Посасывая леденец, генерал подождал еще немного, а затем выглянул в окошко. Сквозь помутневший плексиглас ему был виден только небольшой пятачок освещенного фонарем асфальта перед крыльцом, парочка припаркованных автомобилей с ритмично разгорающимися и гаснущими внутри синими огоньками охранной сигнализации да черная стена кустов по ту сторону подъездной дорожки. Обзор был ограничен, но его превосходительство, хоть убей, не видел причин, в силу которых подчиненные, получив долгожданный приказ отправляться по домам, стали бы подкарауливать его где-то неподалеку.
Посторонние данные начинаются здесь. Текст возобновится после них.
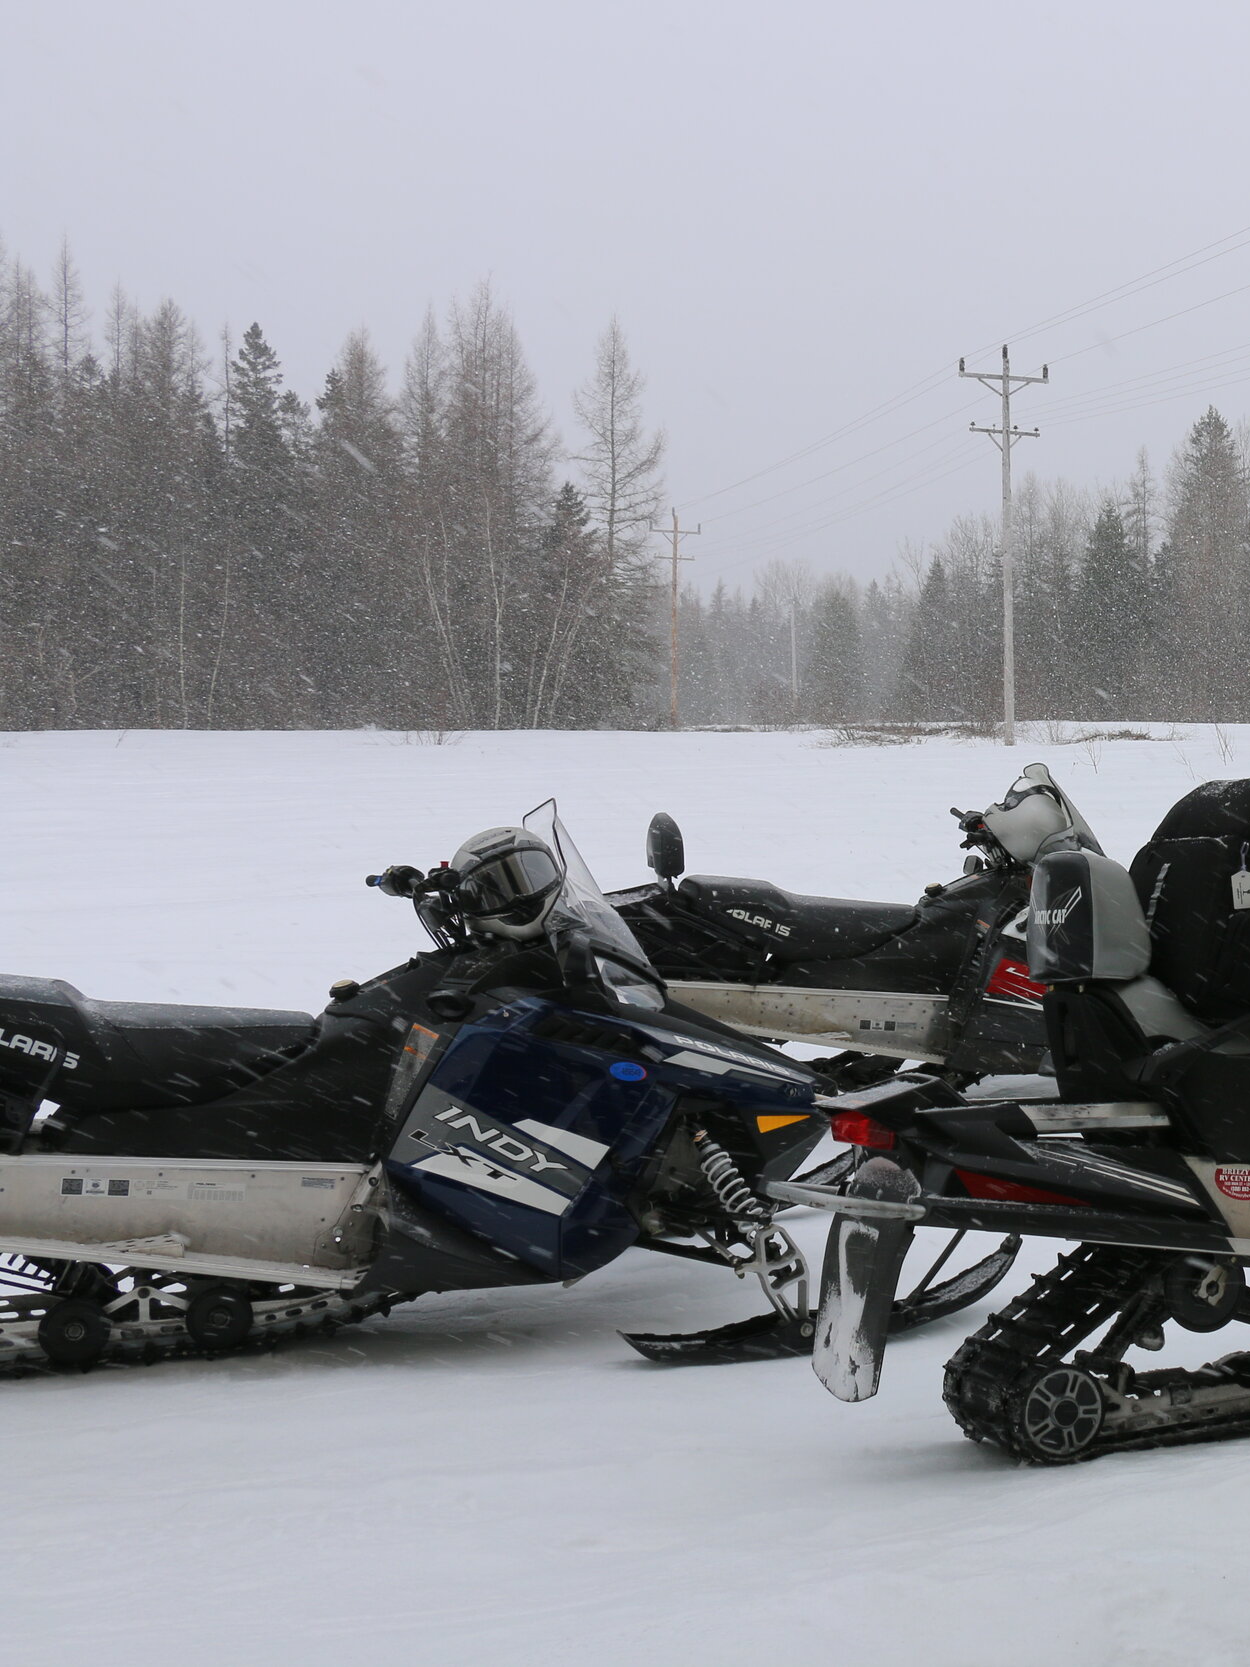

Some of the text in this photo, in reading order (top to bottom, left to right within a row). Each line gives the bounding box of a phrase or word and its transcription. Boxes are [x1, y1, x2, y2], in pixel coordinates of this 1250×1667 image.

Проглотив то, что осталось от леденца, он ткнул пальцем в обведенную светящимся розовато-оранжевым колечком кнопку электронного замка и под пискливое пение домофона вышел из подъезда. Наступающая ночь ласково сомкнула вокруг него свои бархатистые, слегка отдающие горьковатым запахом опавшей листвы объятия. По утрам стало уже по-настоящему прохладно, но сейчас асфальт и бетон еще не успели остыть, и воздух был теплым, как в разгар лета.

Перед тем как сесть за руль припаркованной в тени кустов машины, генерал поднял голову и отыскал взглядом темные окна своей квартиры. В его возрасте редкий чудак сохраняет юношескую тягу к головоломным приключениям и перемене мест. Он не был исключением из общего правила, и сейчас его помимо воли охватили тоска и раздражение: ну какого дьявола, сколько же можно? Однако уходить на пенсию было рано, а менять профессию поздно; в очередной раз напомнив себе об этом, генерал открыл дверцу своего личного автомобиля и уселся на место водителя.

В темноте вспыхнули тусклые, старомодных очертаний фары, забормотал движок, и немолодая иномарка, шурша покрышками по сухому асфальту и роняя с капота и крыши нападавшие за день сухие листья, покатилась к выезду из двора.

* * *

Марат до упора завернул оба крана, заставив смолкнуть ровный шум бьющих из никелированной воронки душа тугих горячих струй, и прислушался. Со стороны раздевалки послышался характерный металлический лязг закрывшейся дверцы жестяного шкафчика, удаляющиеся шаги, и наступила тишина, нарушаемая только звонкими шлепками падающих на кафельный пол тяжелых капель конденсата. Под потолком душевой, медленно тая, клубился сырой горячий пар, забранные водонепроницаемыми стеклянными колпаками лампы были окружены лениво шевелящимся туманным ореолом. Марат с сомнением ощупал кончиками пальцев колючий подбородок, но решил, что побреется утром: никаких светских мероприятий на сегодняшний вечер он не планировал, а щетина у него, как у всякого нормального кавказца, росла с такой скоростью, что впору было бриться хоть по четыре раза на дню.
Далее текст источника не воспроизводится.